Donnerstag, 14. Februar 2013 19:30

Michael Plassmann
Rechtsanwalt und Mediator, Berlin

Die nächste Vortragsveranstaltung der Potsdamer Juristischen Gesellschaft findet am

Donnerstag, den 14.02.2013, 19.30 Uhr,

in der Bibliothek des Verwaltungsgerichts Potsdam,
Friedrich-Ebert-Straße 32, 14469 Potsdam

statt.

Hat Herbert Prantl (SZ) Recht behalten: Ist das Mediationsgesetz, „die vielleicht wichtigste Neuerung seit 1789“. wirklich ein „Umbruch im deutschen Recht“ oder doch eher ein „schlichter Entwurf“ (FTD)?
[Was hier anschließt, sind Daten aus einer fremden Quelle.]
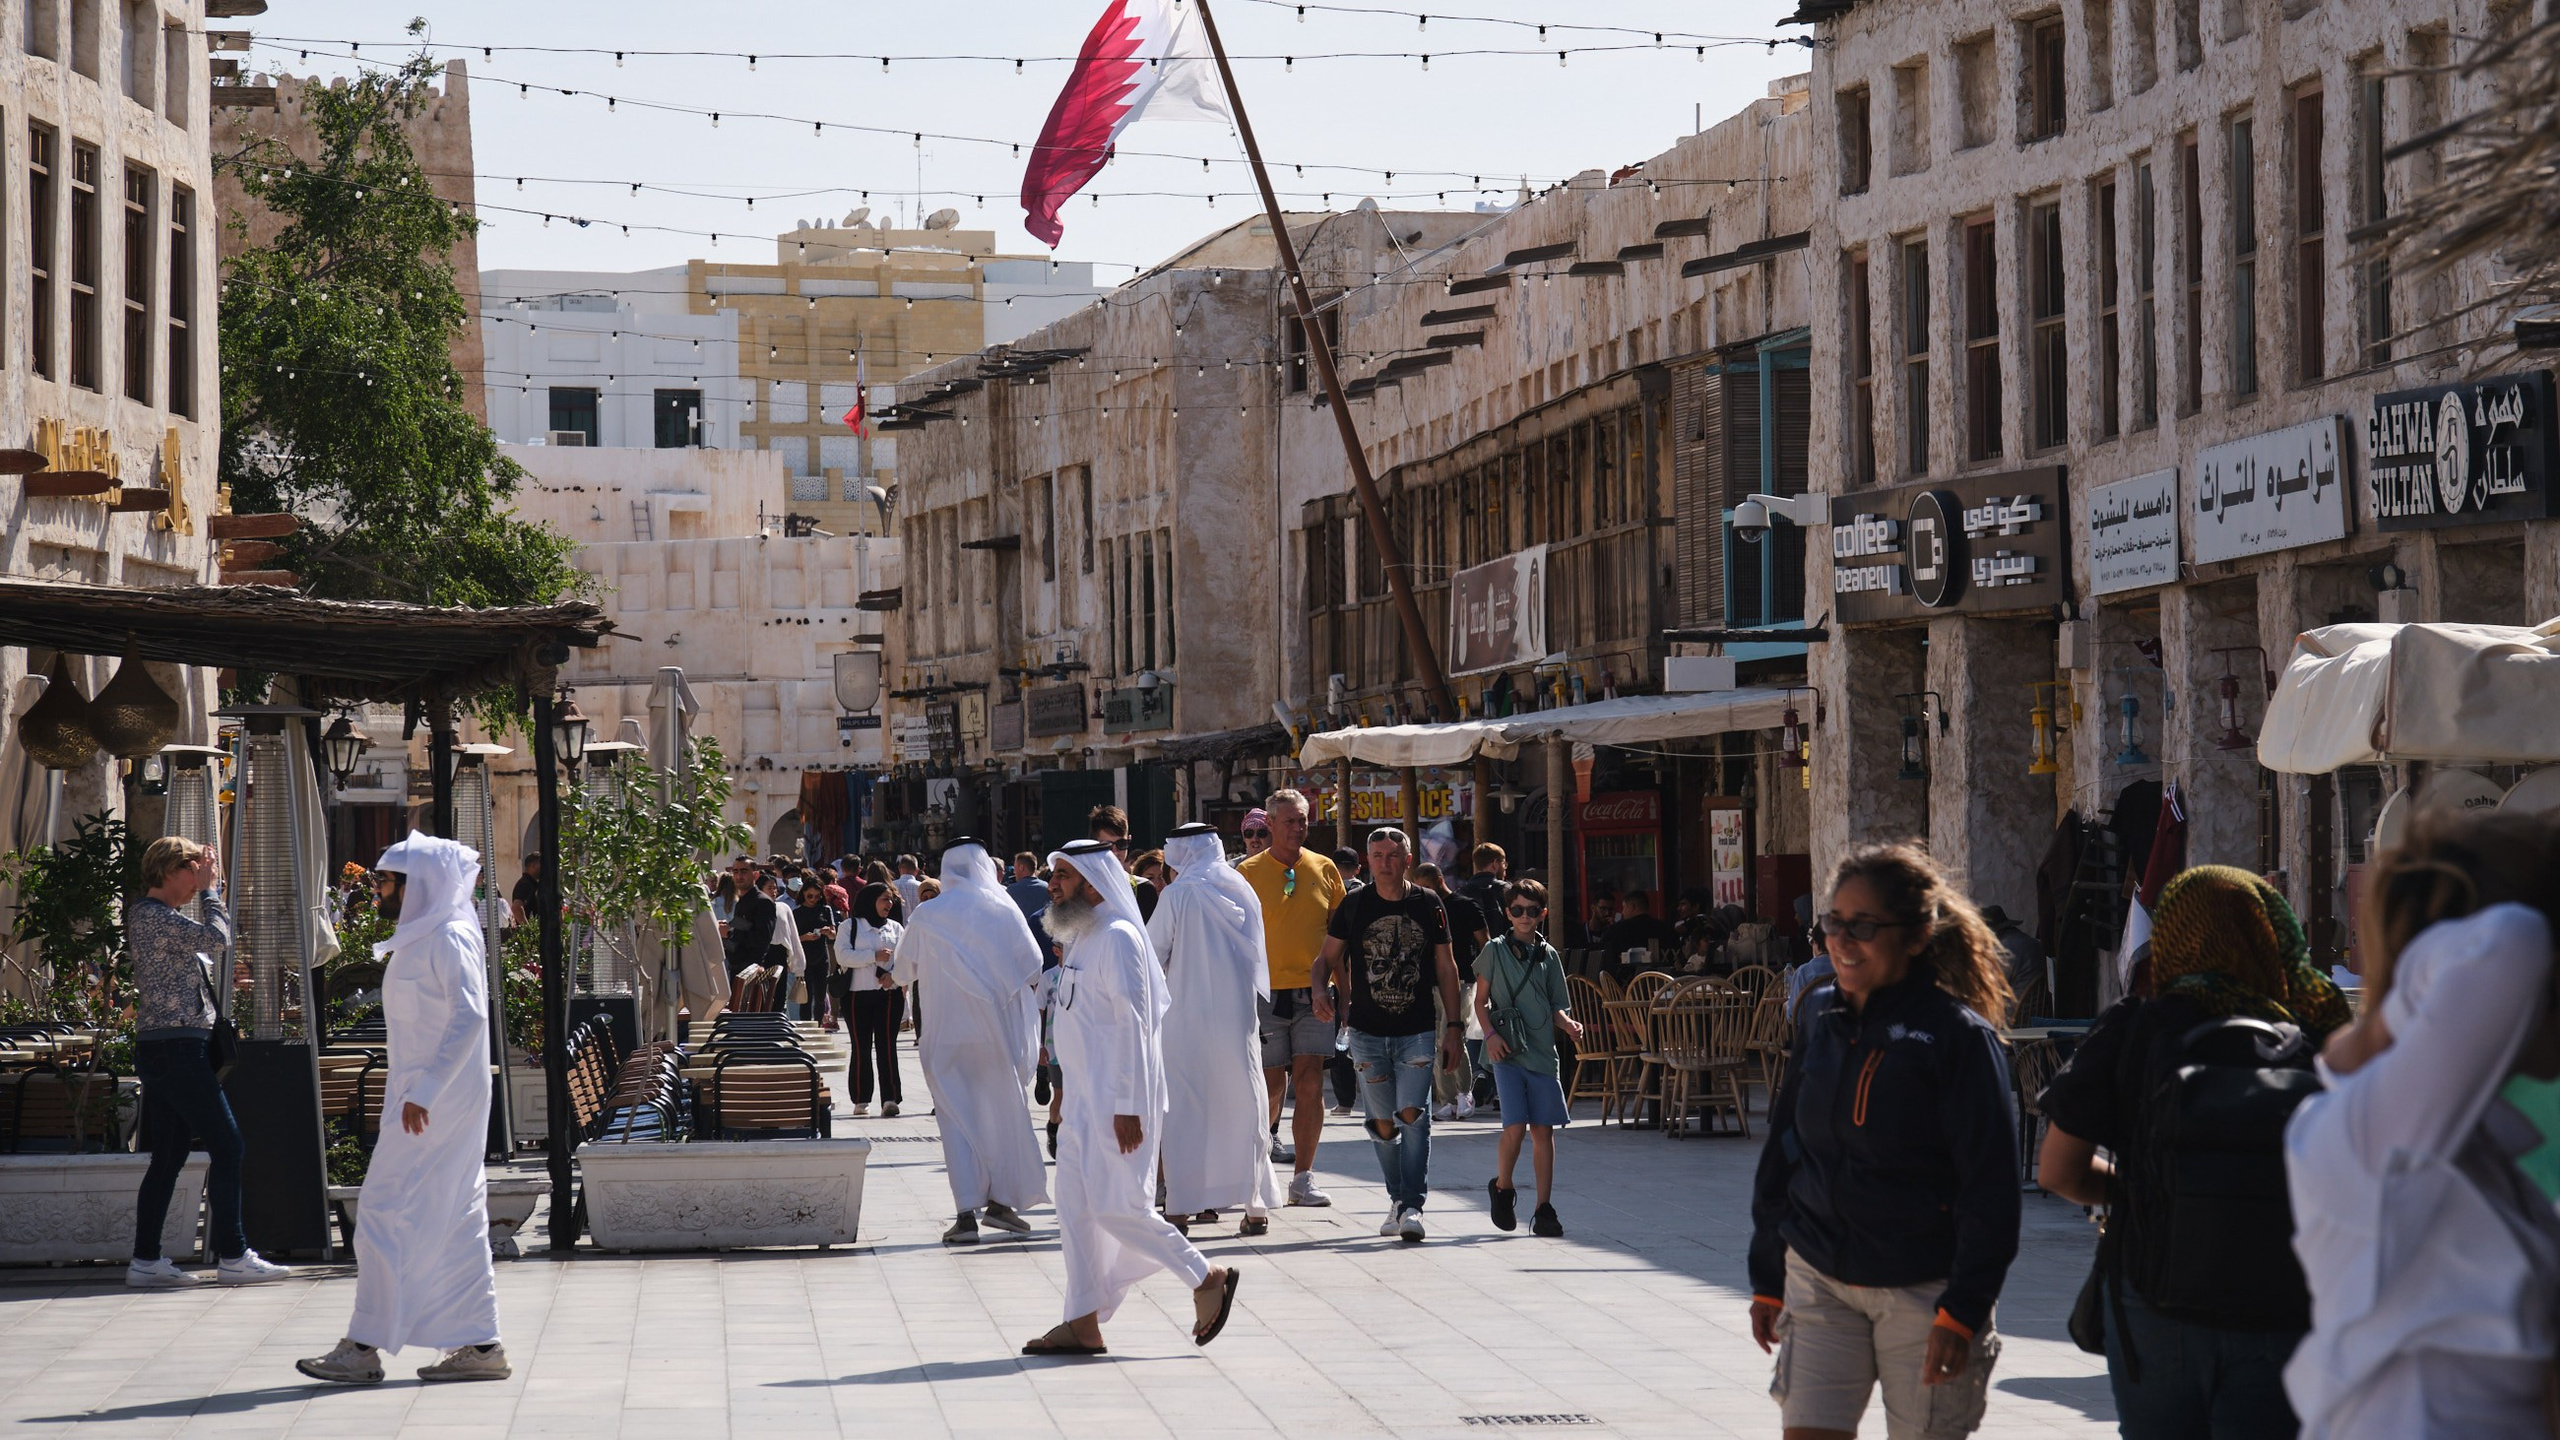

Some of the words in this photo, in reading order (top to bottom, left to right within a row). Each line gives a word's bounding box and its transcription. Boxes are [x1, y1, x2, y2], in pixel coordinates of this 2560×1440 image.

Michael Plassmann, Vorsitzender des Ausschusses „Außergerichtliche Streitbeilegung“ der Bundesrechtsanwaltskammer (BRAK), hat das langwierige Gesetzgebungsverfahren auf Grund seiner Erfahrungen von Anfang an intensiv begleitet. Sein Rat wurde vom Bundesjustizministerium wie auch den Fraktionen des Bundestages geschätzt. Der Rechtsausschuss des Deutschen Bundestages hat ihn als Sachverständigen angehört. Michael Plassmann beleuchtet die Konsequenzen des Mediationsgesetzes aus Verbraucher-, Richter- und Anwaltssicht.

Zu dieser Veranstaltung lade ich Sie herzlich ein. An den Vortrag schließt sich wie immer ein Umtrunk an, der mit einem kleinen Imbiss verbunden ist. Gäste sind zu unseren Veranstaltungen stets willkommen – bitte geben Sie diese Einladung in Ihrem Freundes- und Bekanntenkreis weiter.